THIS FOURTH AMENDMENT TO CREDIT AGREEMENT (the “Fourth Amendment”) is entered into as of the 15th day of December, 2005, by and among PIONEER DRILLING SERVICES, LTD., a Texas limited partnership (“Borrower”); PIONEER DRILLING COMPANY, a Texas corporation; PDC MGMT. CO., a Texas corporation; PDC INVESTMENT CORP., a Delaware corporation; THE FROST NATIONAL BANK, a national banking association (in its individual capacity, “Frost Bank”), for itself, as Lender, as Lead Arranger, and as Agent for Lenders; ZIONS FIRST NATIONAL BANK, a national banking association, as Lender; and BANK OF SCOTLAND, a Scottish banking corporation acting through its New York Branch, as Lender.

 

RECITALS

 

A. On October 29, 2004, Borrower, Credit Parties, Agent and Lender entered into that certain Credit Agreement, as amended pursuant to that First Amendment to Credit Agreement dated November 29, 2004, that certain Second Amendment to Credit Agreement dated March 29, 2005, and that certain Third Amendment to Credit Agreement dated October 26, 2005 (as amended, the “Credit Agreement”) concerning the terms, conditions and covenants of certain credit facilities.

 

B. Borrower has requested and Lenders have agreed to (i) reinstate the Acquisition Credit Facility and (ii) increase the Acquisition Facility Commitment from $40,000,000 to $50,000,000 as more particularly set forth herein.

 

C. All capitalized terms not otherwise defined in this Fourth Amendment shall have the same meanings as are set forth in the Credit Agreement.

 

NOW, THEREFORE, for and in consideration of the mutual covenants and promises herein contained, Agent, Lenders and Borrower agree as follows:

 

AGREEMENTS

 

1. Acquisition Credit Facility.
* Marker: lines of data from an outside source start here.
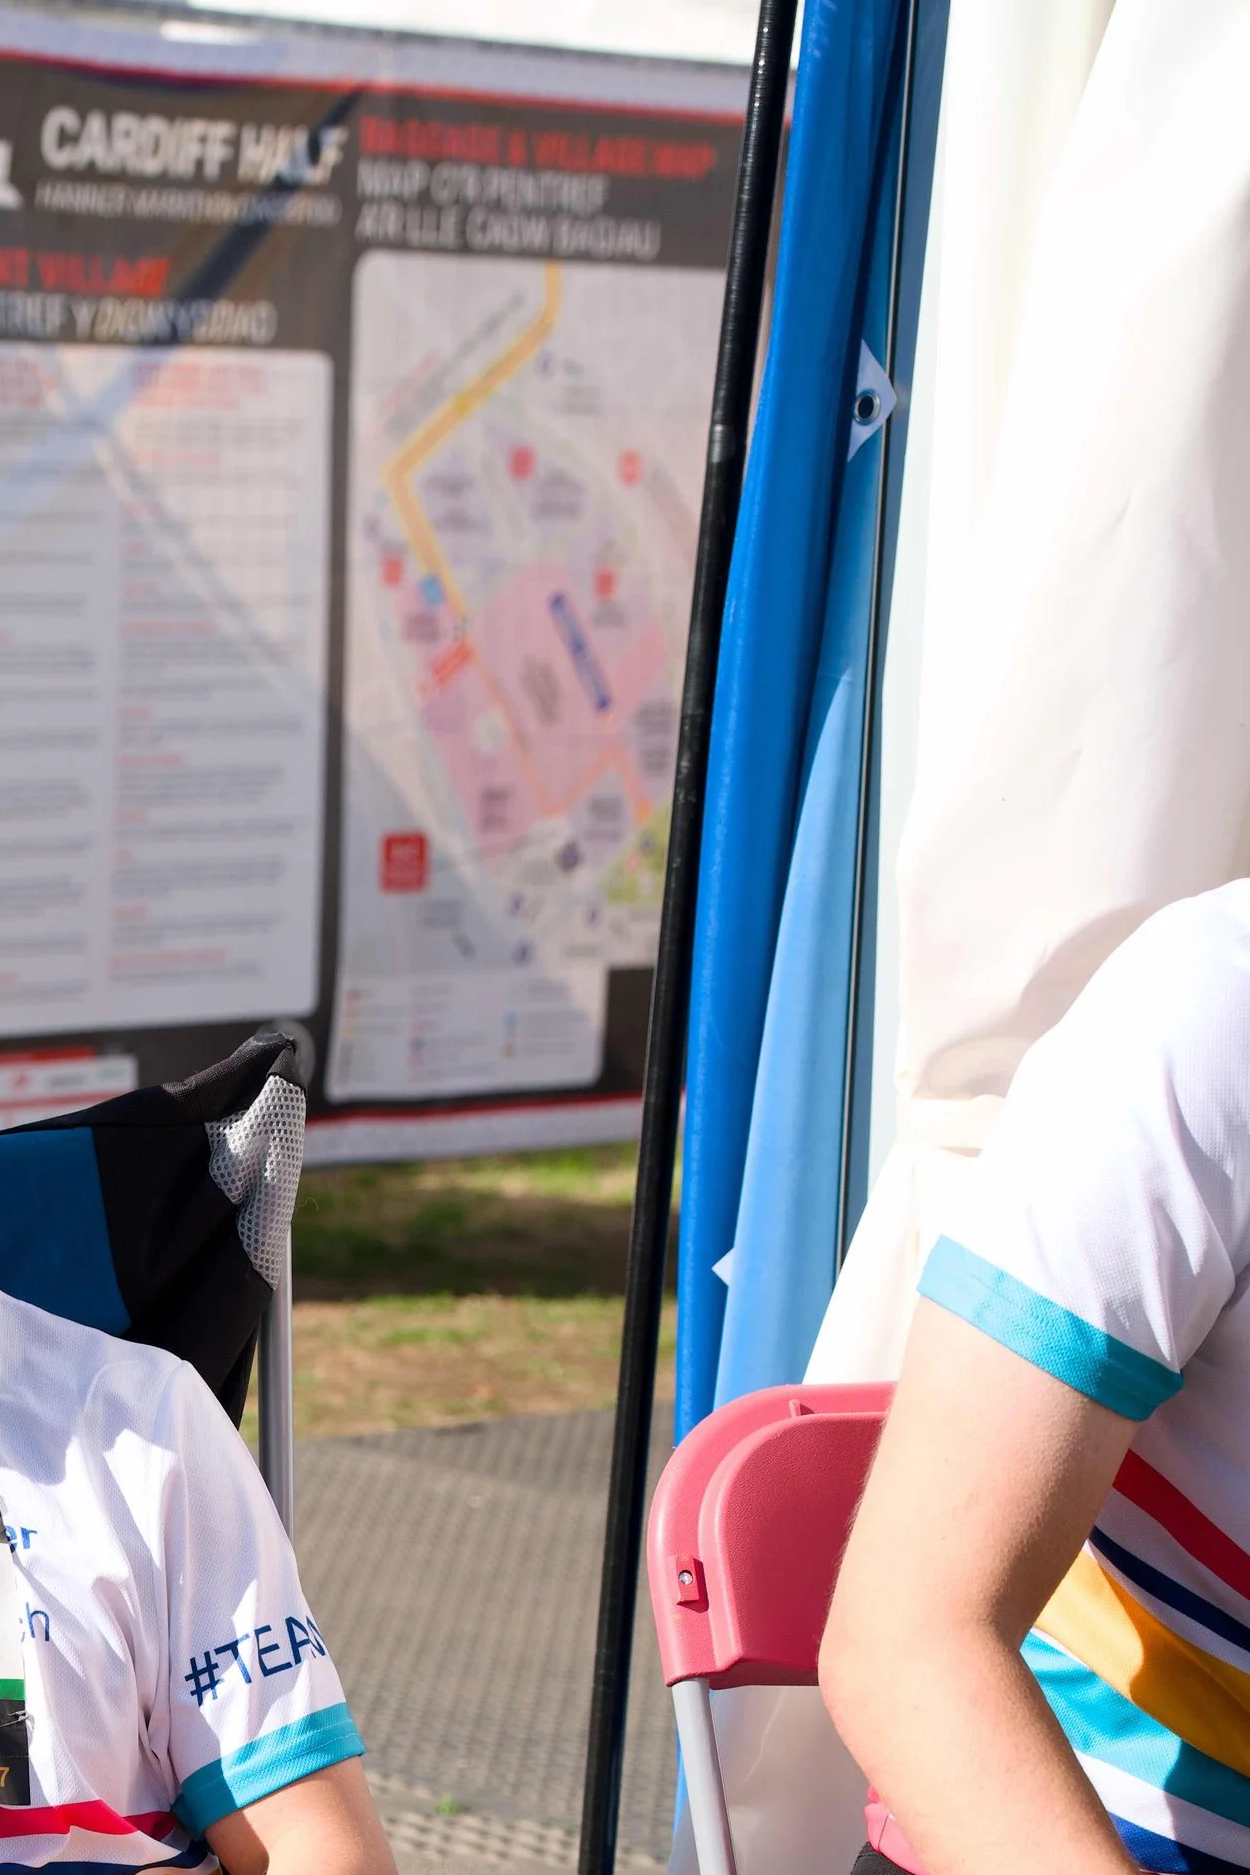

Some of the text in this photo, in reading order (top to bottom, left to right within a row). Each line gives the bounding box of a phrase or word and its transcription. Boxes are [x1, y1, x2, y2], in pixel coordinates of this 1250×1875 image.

[41, 106, 348, 186] CARDIFF HALF
[357, 157, 430, 198] MAP
[483, 168, 611, 213] PENTREF
[405, 203, 463, 248] LLE
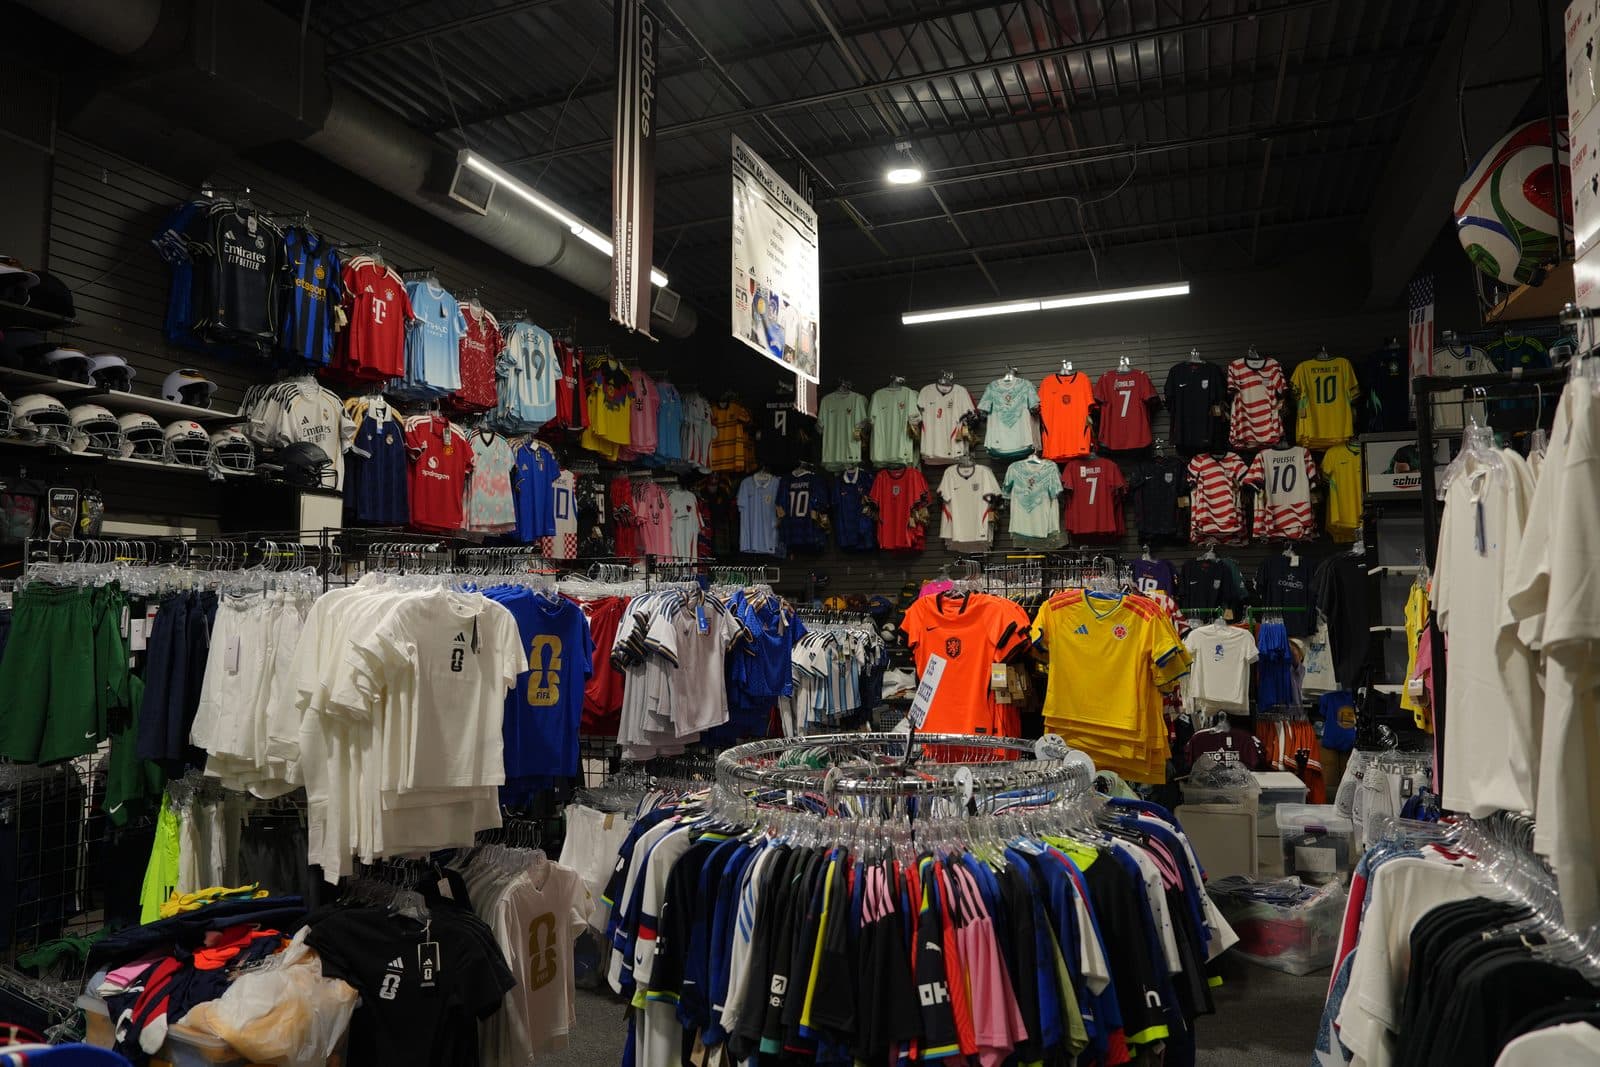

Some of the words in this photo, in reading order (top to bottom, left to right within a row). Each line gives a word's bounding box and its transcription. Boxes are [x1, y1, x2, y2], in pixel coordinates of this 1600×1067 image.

[639, 14, 656, 139] adidas
[736, 145, 755, 171] CUSTOM
[756, 166, 775, 193] APPAREL
[781, 189, 792, 208] TEAM
[793, 202, 813, 227] UNIFORMS
[224, 241, 267, 264] Emirates
[521, 347, 546, 381] 19
[1314, 375, 1337, 404] 10
[1119, 390, 1131, 418] 7
[774, 410, 787, 436] 9
[1272, 455, 1296, 464] PULISIC
[1085, 477, 1098, 505] 7
[1271, 464, 1297, 495] 10
[1392, 474, 1422, 486] schut
[789, 490, 809, 518] 10
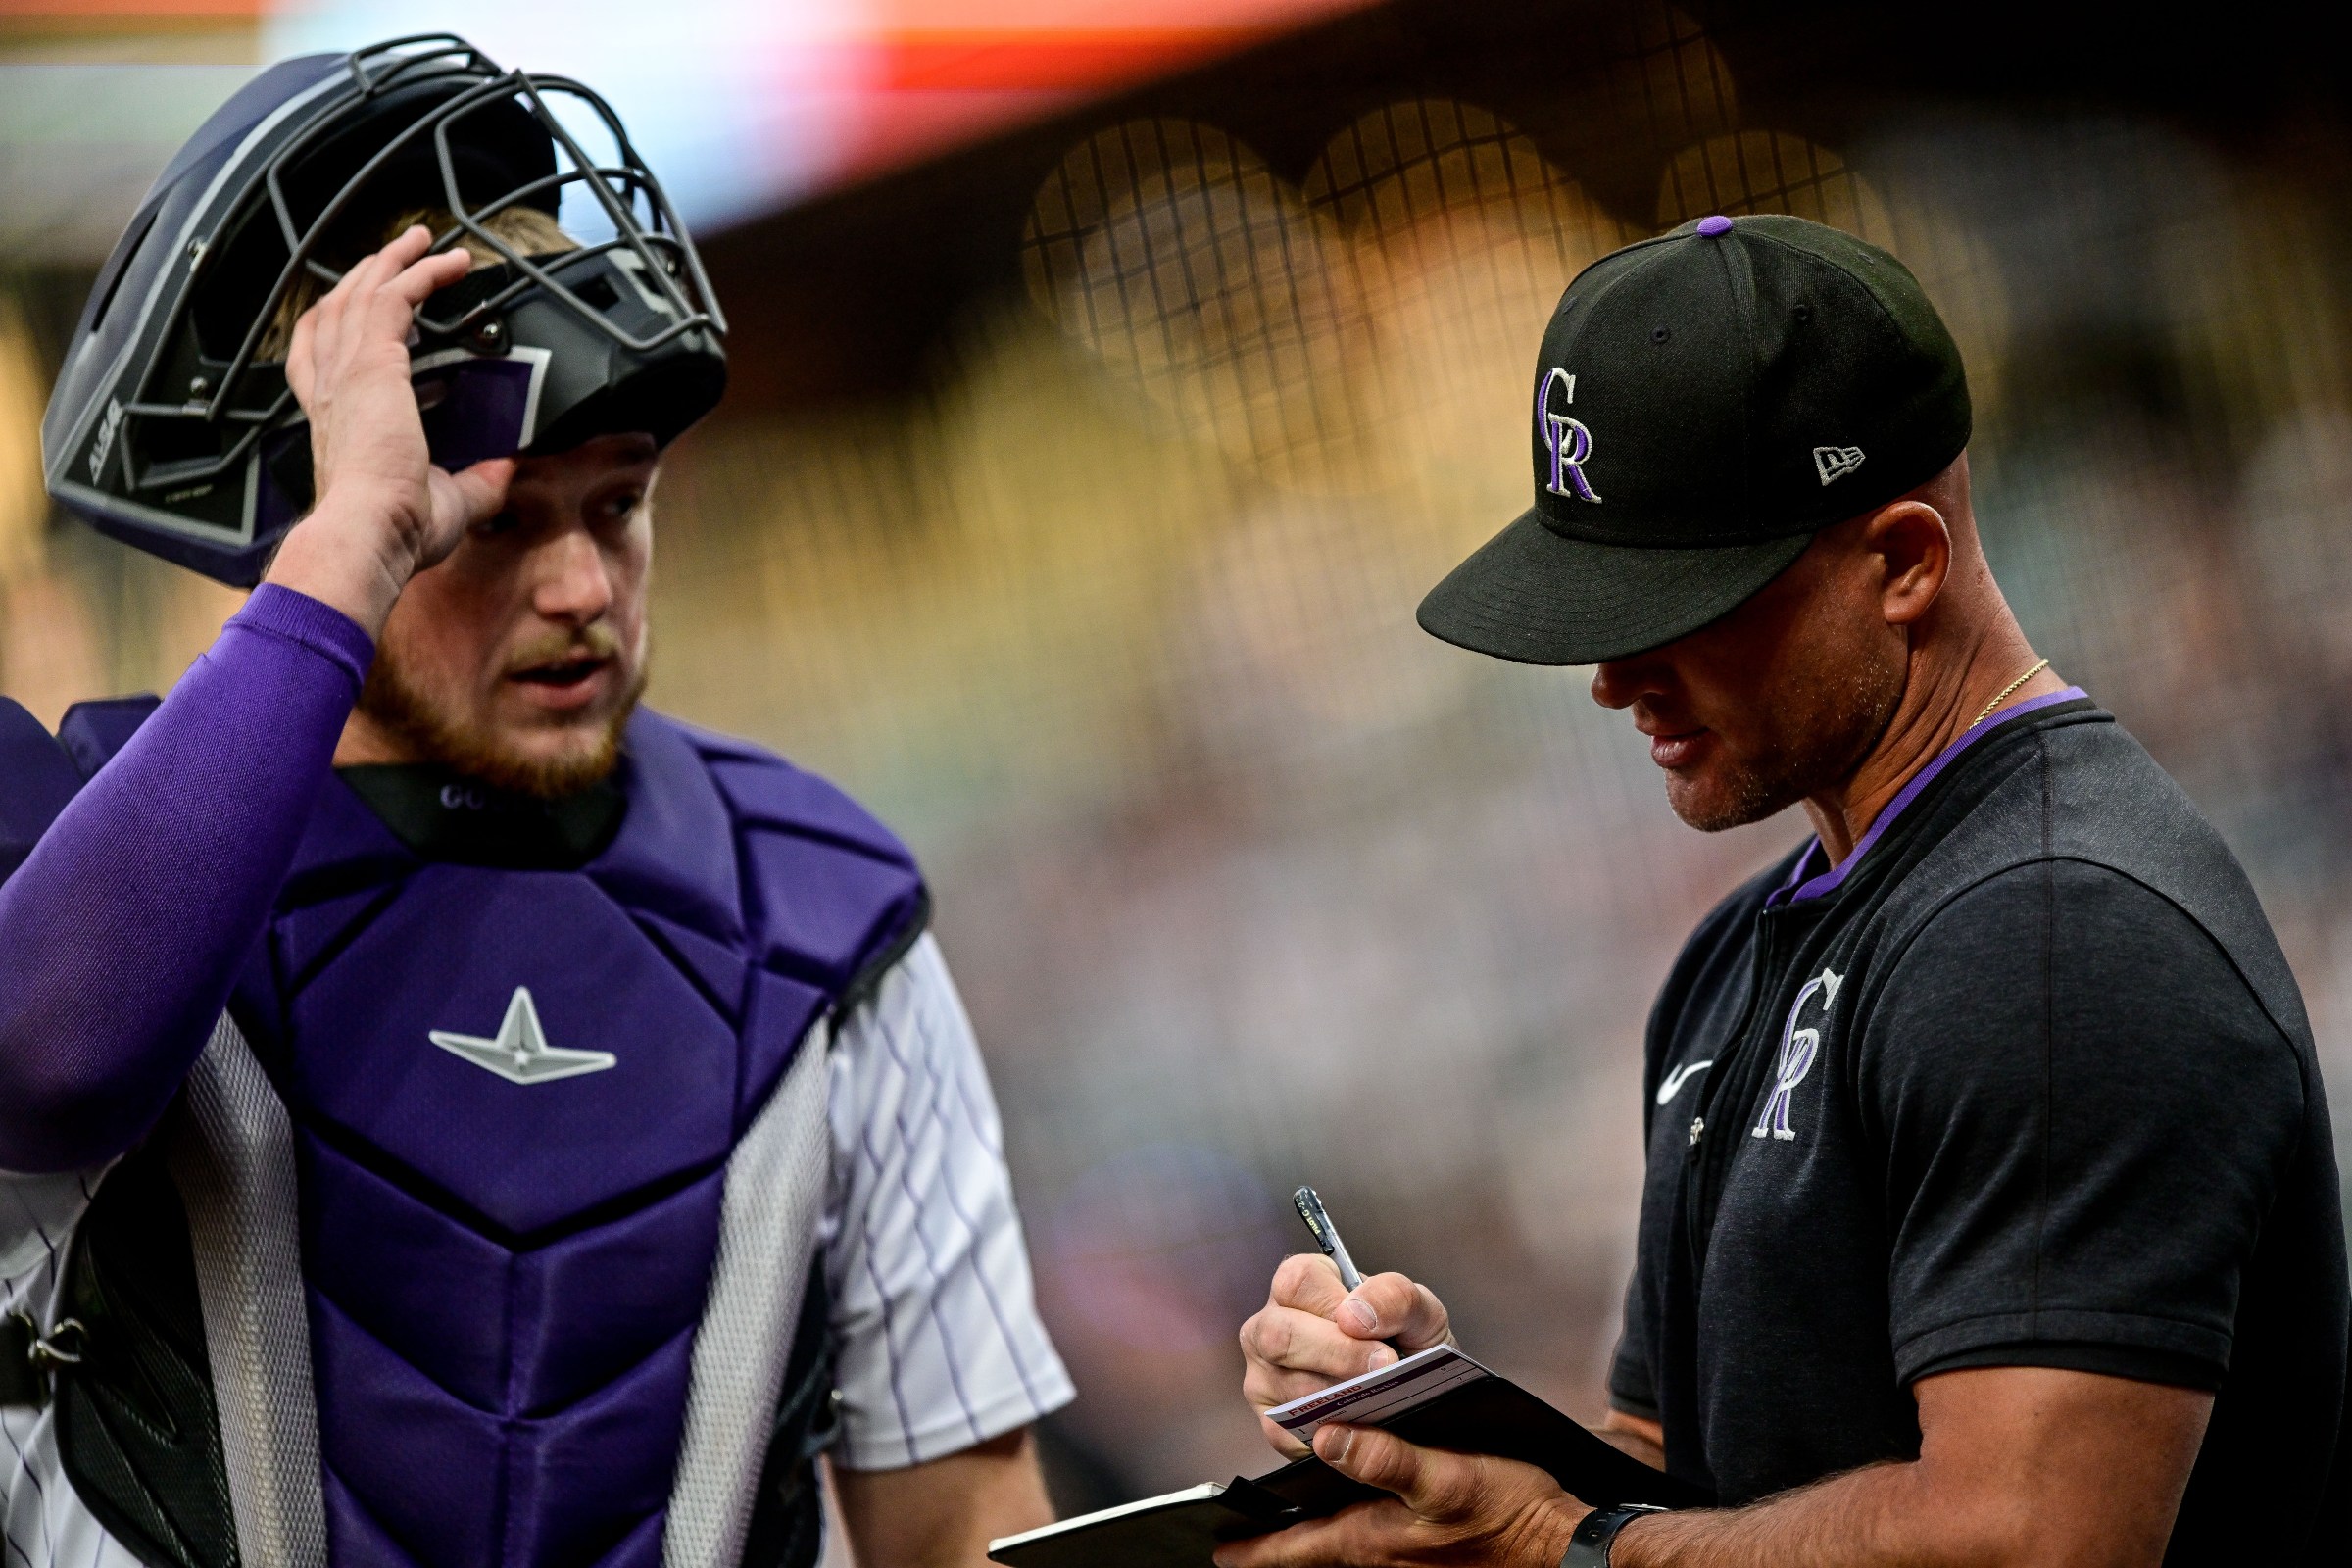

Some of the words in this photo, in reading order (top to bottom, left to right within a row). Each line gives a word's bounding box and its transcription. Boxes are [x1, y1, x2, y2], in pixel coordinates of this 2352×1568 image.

[1298, 1200, 1310, 1217] G-2
[1305, 1216, 1322, 1235] PILOT
[1287, 1385, 1363, 1417] FREELAND
[1337, 1391, 1371, 1407] Colorado
[1371, 1380, 1399, 1394] Rockies
Lenders hereby agree that, effective as of the date hereof, the Acquisition Facility Commitment shall be reinstated, restated, reconstituted, and increased to $50,000,000 in the aggregate. Until the Acquisition Commitment Termination Date, Borrower may borrow all amounts that remain available under the Acquisition Credit Facility, as reinstated, restated, reconstituted and increased, in accordance with the terms of the Credit Agreement.

 

2. Annex A: Definitions. As of the date hereof, the Definition of “Acquisition Facility Commitment” set forth in Annex A of the Credit Agreement is hereby amended and restated in its entirety to read as follows:

 

Acquisition Facility Commitment” means (a) as to any Acquisition Lender, the commitment of such Lender to make its Pro Rata Share of the Acquisition Loans as set forth on Annex I to the Agreement or in the most recent Assignment and Assumption Agreement executed by such Lender, and (b) as to all Lenders with an Acquisition Facility Commitment, the aggregate commitment of all Lenders to make the Acquisition Loans, which aggregate commitment shall be Fifty Million and No/100 Dollars ($50,000,000) on the effective date of the Fourth Amendment to Credit Agreement, as such amount may be adjusted, if at all, from time to time in accordance with the Agreement.

 

3. Annex I. Annex I attached to the Credit Agreement is hereby deleted in its entirety and replaced with Annex I attached hereto.

 

4. No Other Amendment. Except as specifically modified or amended herein, all terms, provisions and requirements of the Credit Agreement shall remain as written, and as amended from time to time.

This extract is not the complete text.